Laredo Ranchettes is a census-designated place (CDP) in Webb County, Texas, United States. The population was 22 at the 2010 census.

Geography
Laredo Ranchettes is located at  (27.491169, -99.359960).

According to the United States Census Bureau in 2000, the CDP has a total area of 24.2 square miles (62.7 km2), of which, 24.1 square miles (62.4 km2) of it is land and 0.1 square miles (0.3 km2) of it (0.45%) is water. This CDP lost area in the changes in Webb County prior to the 2010 census. Its total area was reduced to , all land.

Demographics
As of the census of 2010 there were 22 people, in the census of 2000 there were 1,845 people, 463 households, and 405 families residing in the CDP. The population density was 76.6 people per square mile (29.6/km2). There were 611 housing units at an average density of 25.4/sq mi (9.8/km2). The racial makeup of the CDP was 84.66% White, 0.54% African American, 0.60% Native American, 10.51% from other races, and 3.69% from two or more races. Hispanic or Latino people of any race were 96.37% of the population.

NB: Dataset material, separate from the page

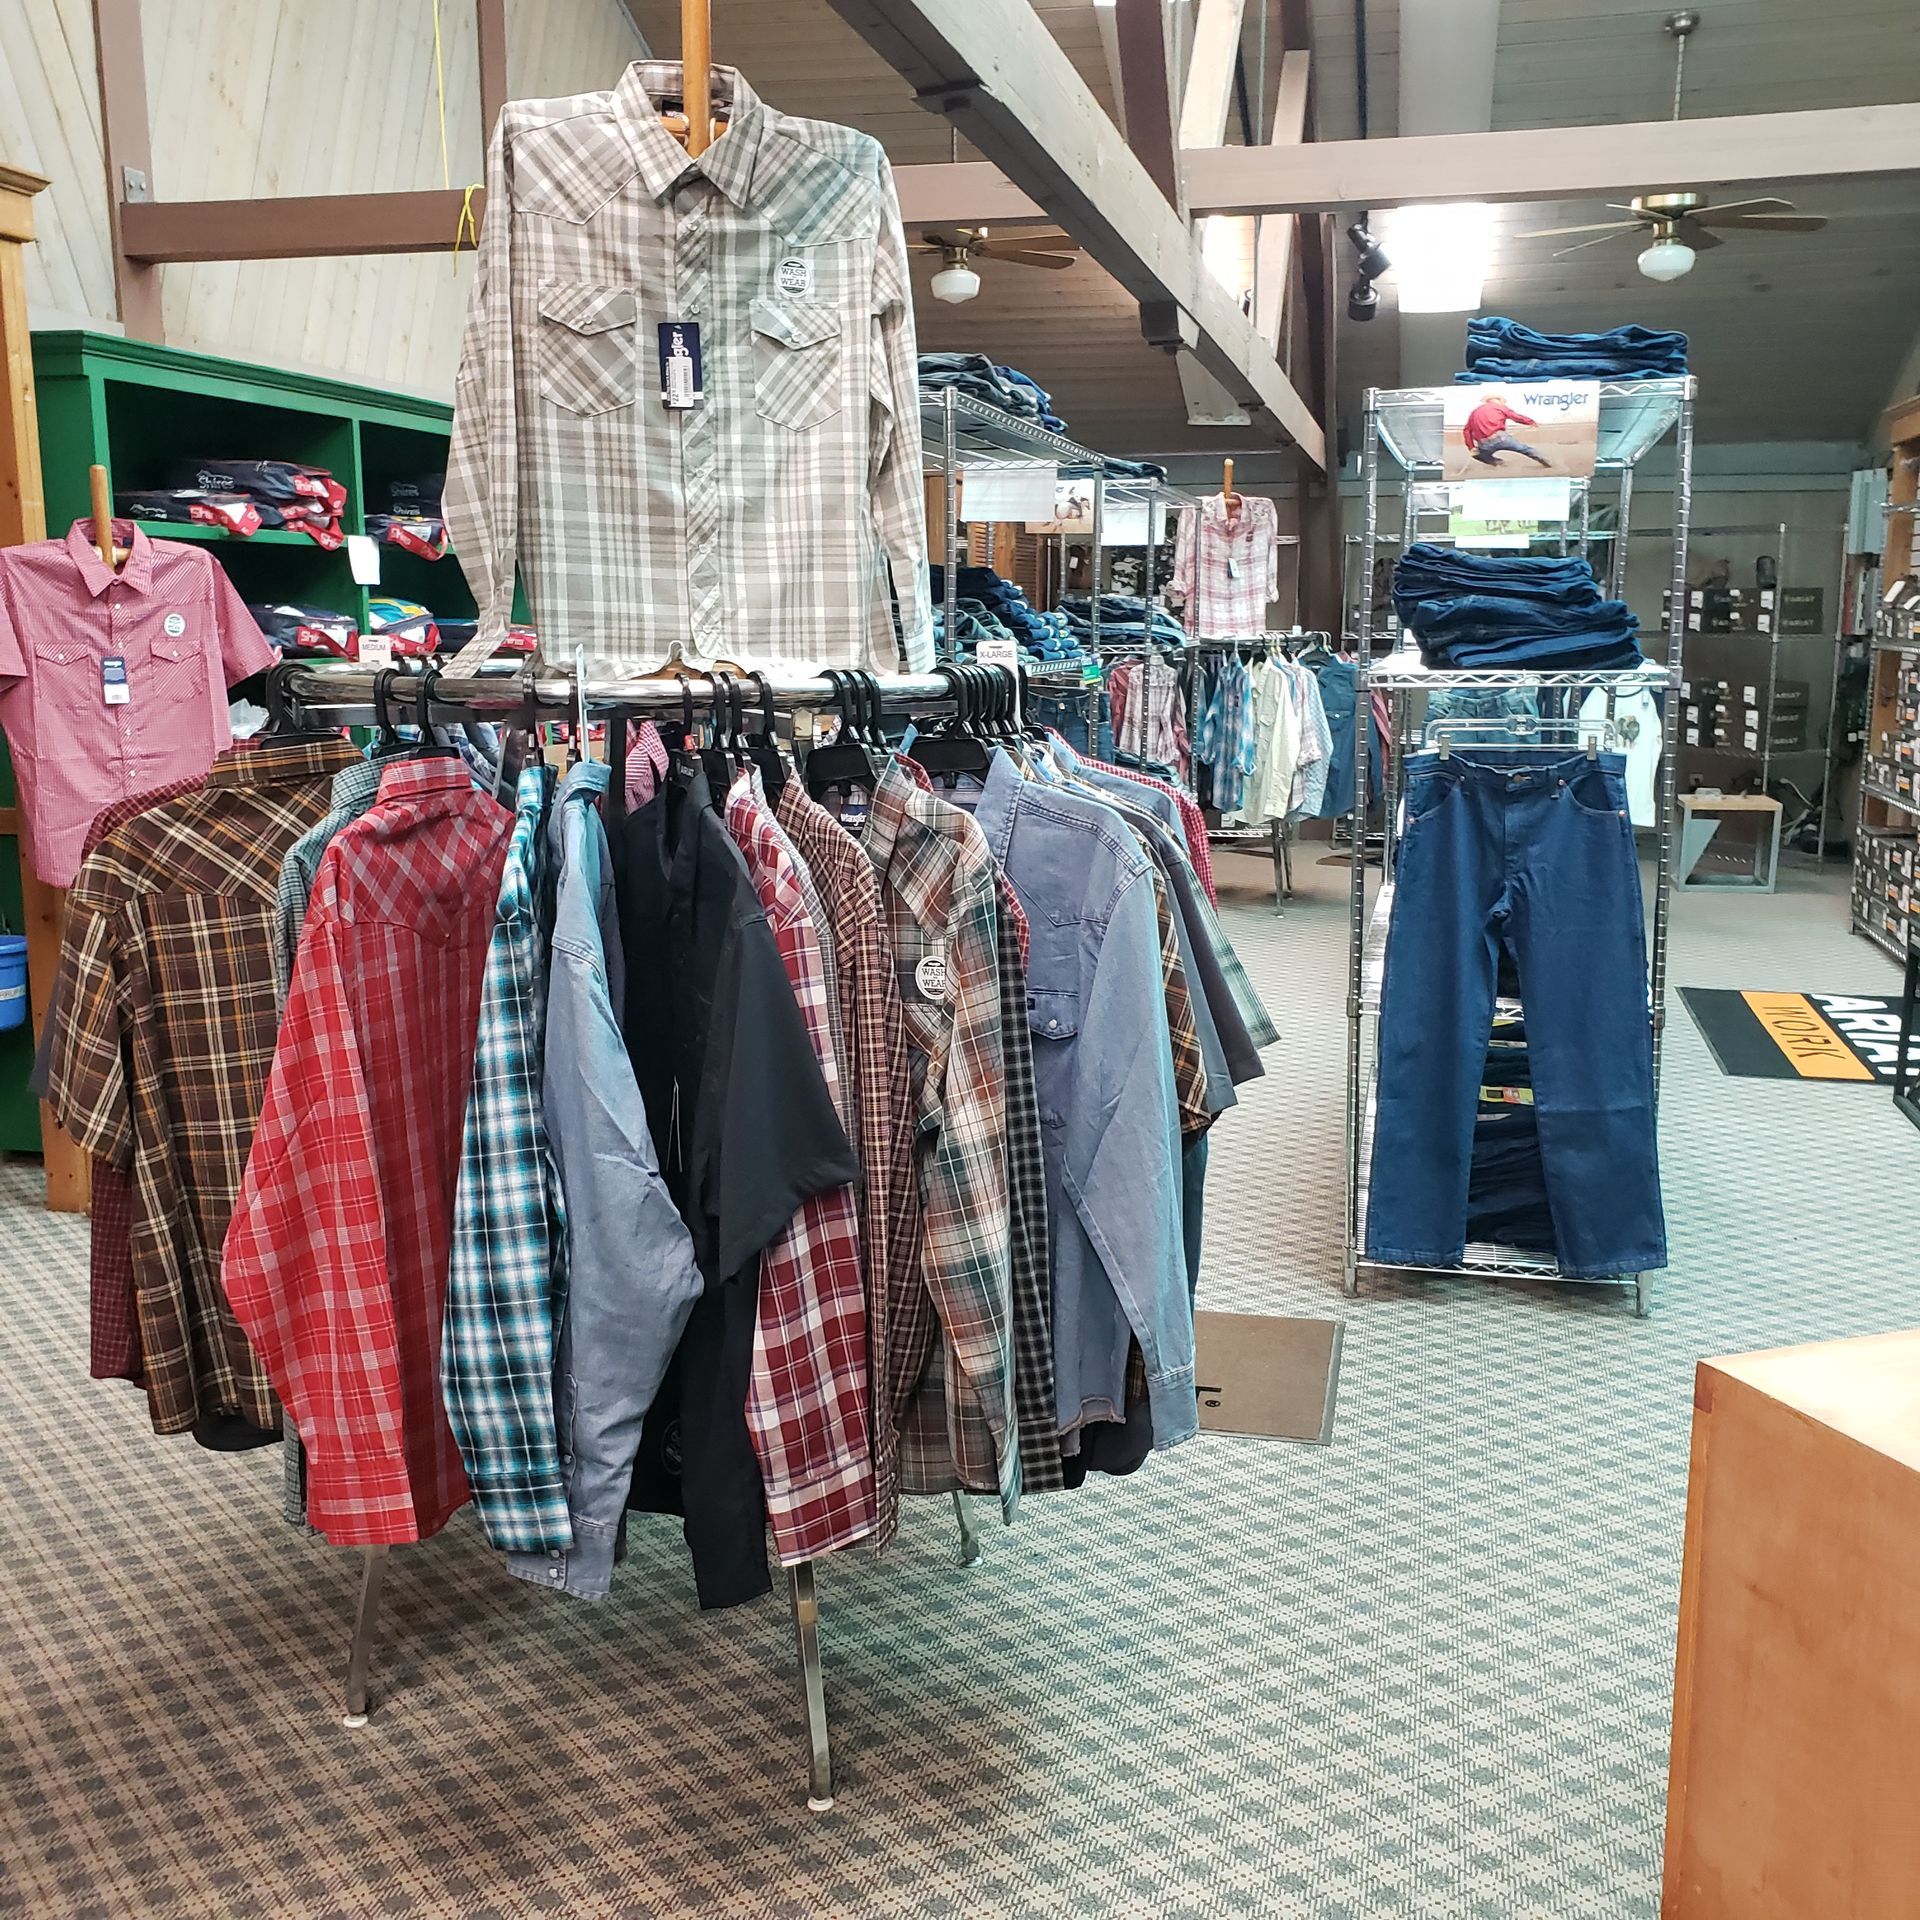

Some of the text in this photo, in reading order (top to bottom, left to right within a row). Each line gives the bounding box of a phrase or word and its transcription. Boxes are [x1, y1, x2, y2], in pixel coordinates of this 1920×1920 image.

There were 463 households, out of which 60.7% had children under the age of 18 living with them, 69.1% were married couples living together, 11.9% had a female householder with no husband present, and 12.5% were non-families. 10.8% of all households were made up of individuals, and 5.2% had someone living alone who was 65 years of age or older. The average household size was 3.98 and the average family size was 4.34.

In the CDP, the population was spread out, with 42.4% under the age of 18, 12.5% from 18 to 24, 25.4% from 25 to 44, 14.0% from 45 to 64, and 5.7% who were 65 years of age or older. The median age was 22 years. For every 100 females, there were 107.5 males. For every 100 females age 18 and over, there were 101.7 males.

The median income for a household in the CDP was $18,029, and the median income for a family was $19,087. Males had a median income of $18,571 versus $14,219 for females. The per capita income for the CDP was $13,194. About 44.6% of families and 47.6% of the population were below the poverty line, including 48.9% of those under age 18 and 24.6% of those age 65 or over.

Education
Residents are in the United Independent School District. Zoned schools include: Freedom Elementary School, Raul Perales Middle School, and United South High School.

The designated community college for Webb County is Laredo Community College.